=== Work item ===
Retype all data exactly as given. Pictures should not be retyped.

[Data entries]
== Segment start ==

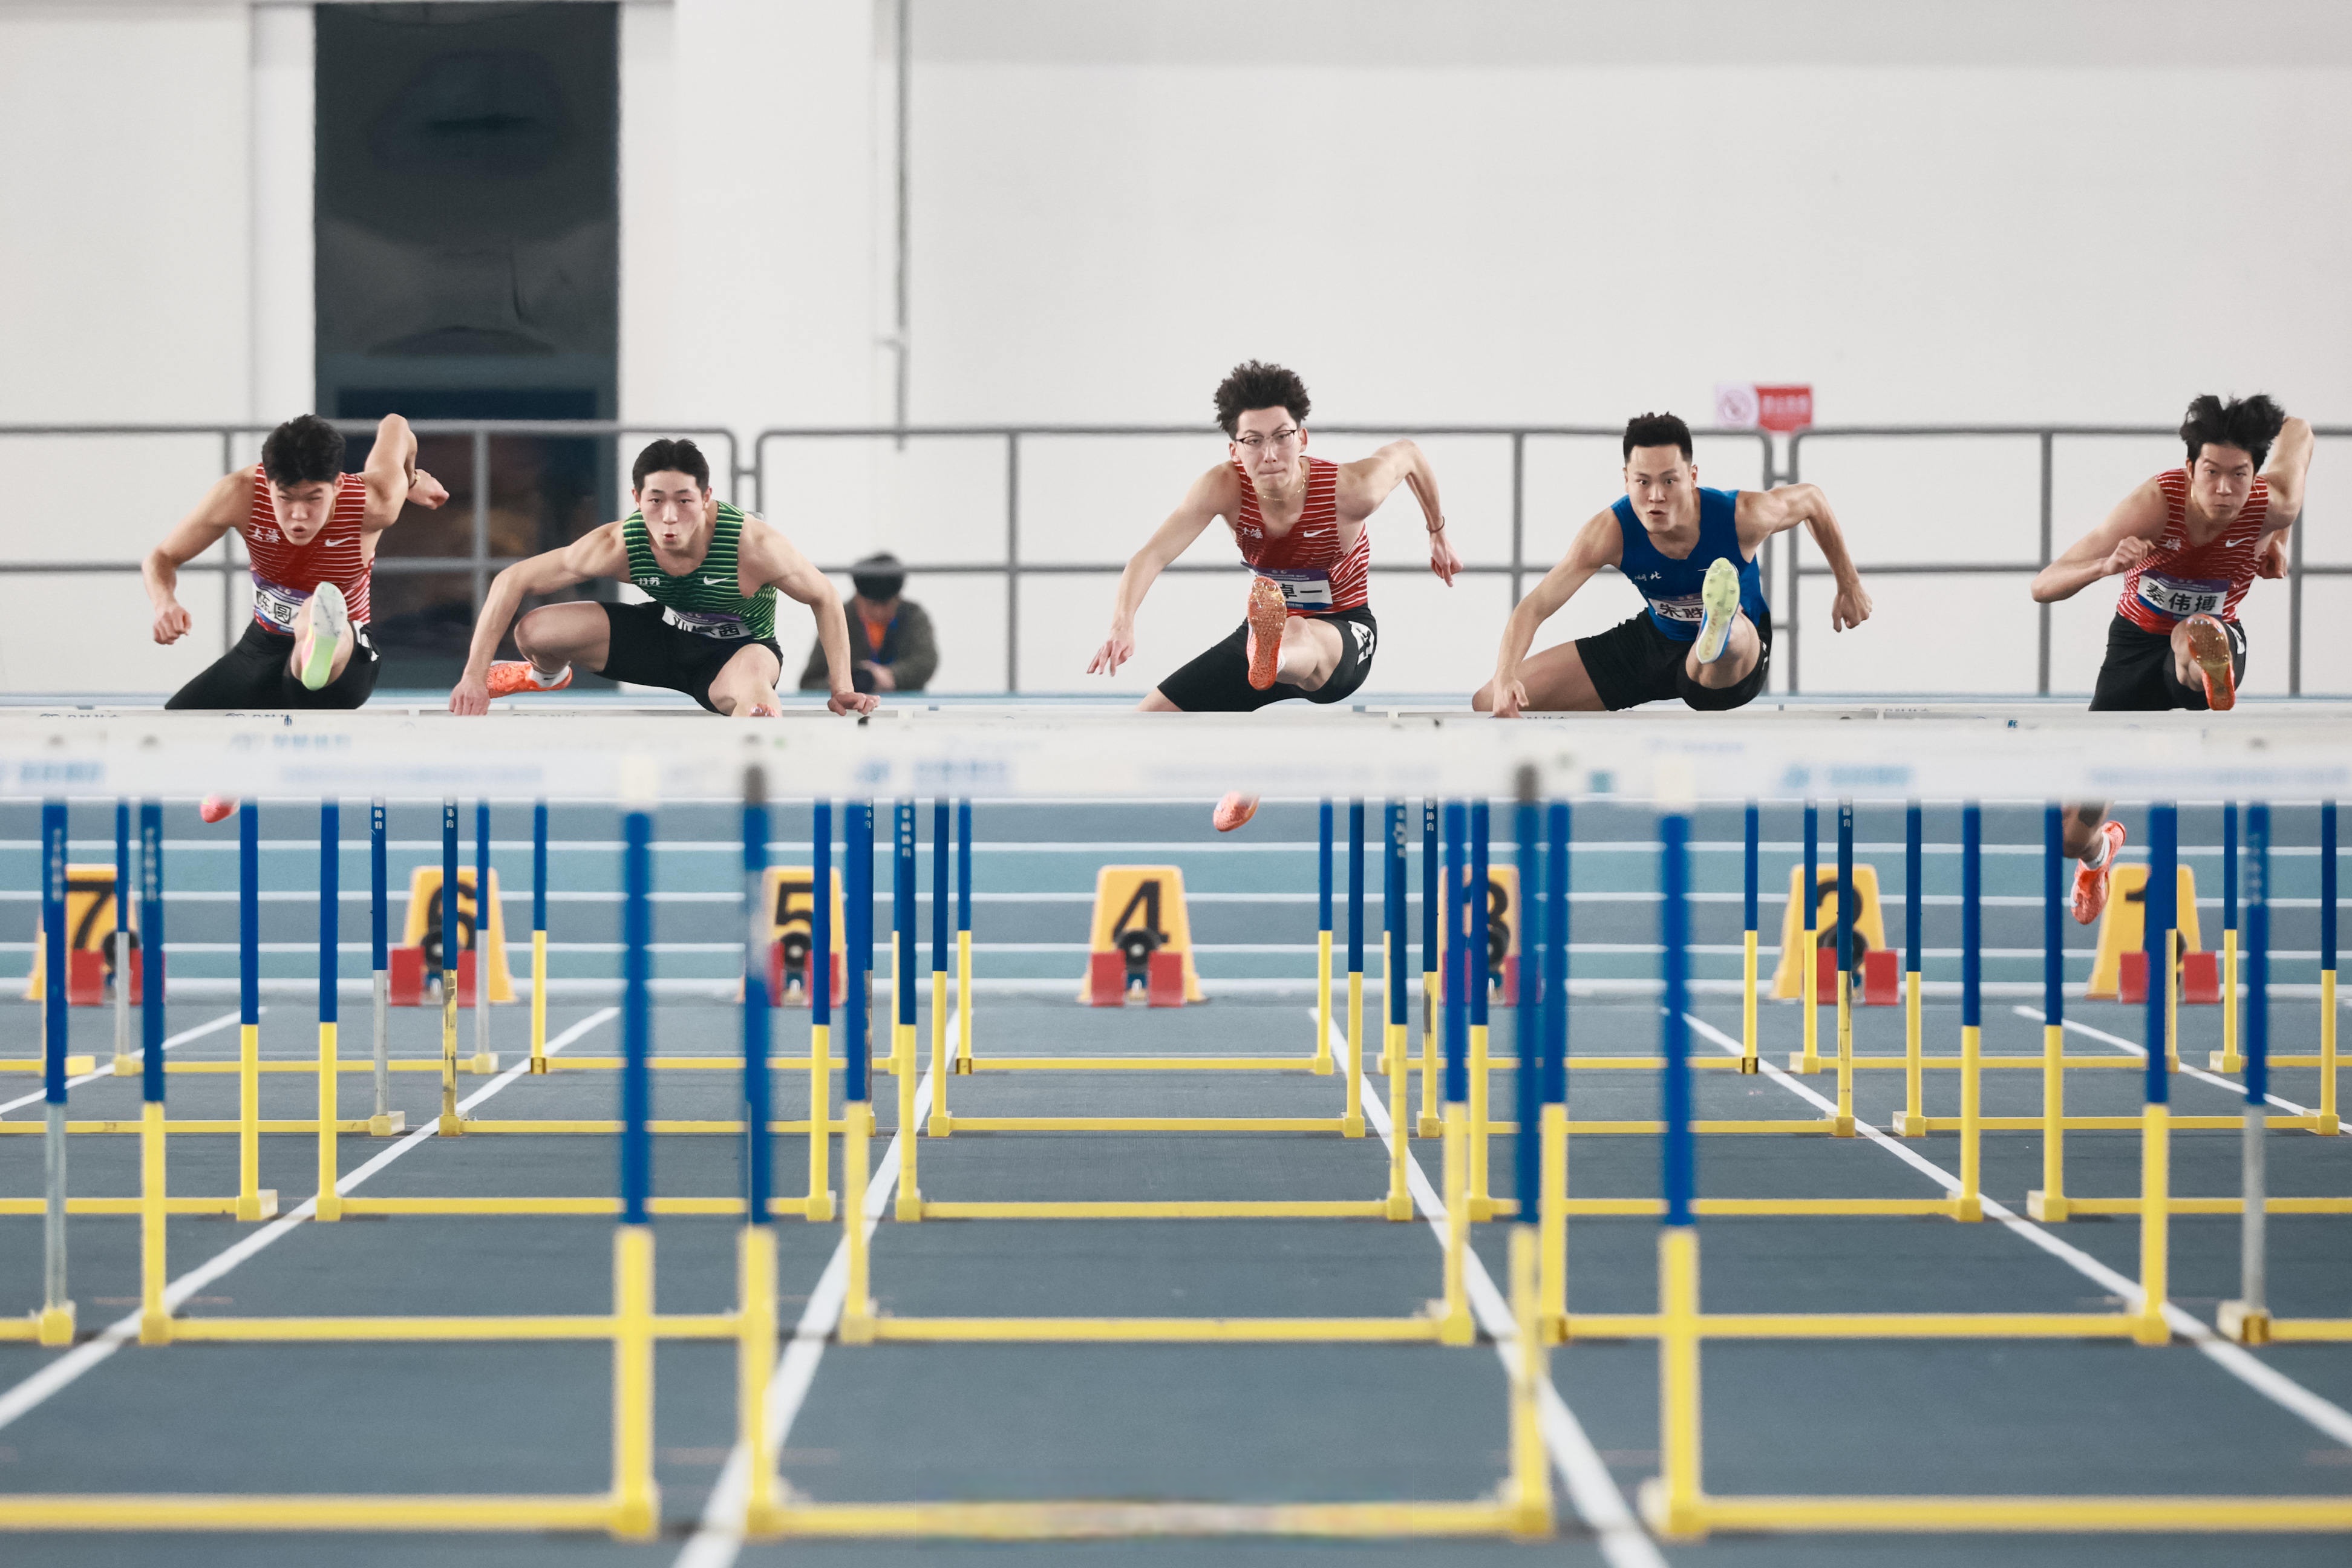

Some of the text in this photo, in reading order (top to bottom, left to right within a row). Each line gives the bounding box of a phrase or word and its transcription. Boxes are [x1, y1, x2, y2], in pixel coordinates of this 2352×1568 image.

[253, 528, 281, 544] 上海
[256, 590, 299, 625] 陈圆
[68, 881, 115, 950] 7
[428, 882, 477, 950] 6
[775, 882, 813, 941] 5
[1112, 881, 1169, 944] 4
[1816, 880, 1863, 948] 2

== Segment end ==

=== Response to the exercise ===
Some of the text in this photo, in reading order (top to bottom, left to right within a row). Each line gives the bounding box of a phrase or word and its transcription. Boxes are [x1, y1, x2, y2], in pixel coordinates of this 2352×1568 image.

[253, 528, 281, 544] 上海
[256, 590, 299, 625] 陈圆
[68, 881, 115, 950] 7
[428, 882, 477, 950] 6
[775, 882, 813, 941] 5
[1112, 881, 1169, 944] 4
[1816, 880, 1863, 948] 2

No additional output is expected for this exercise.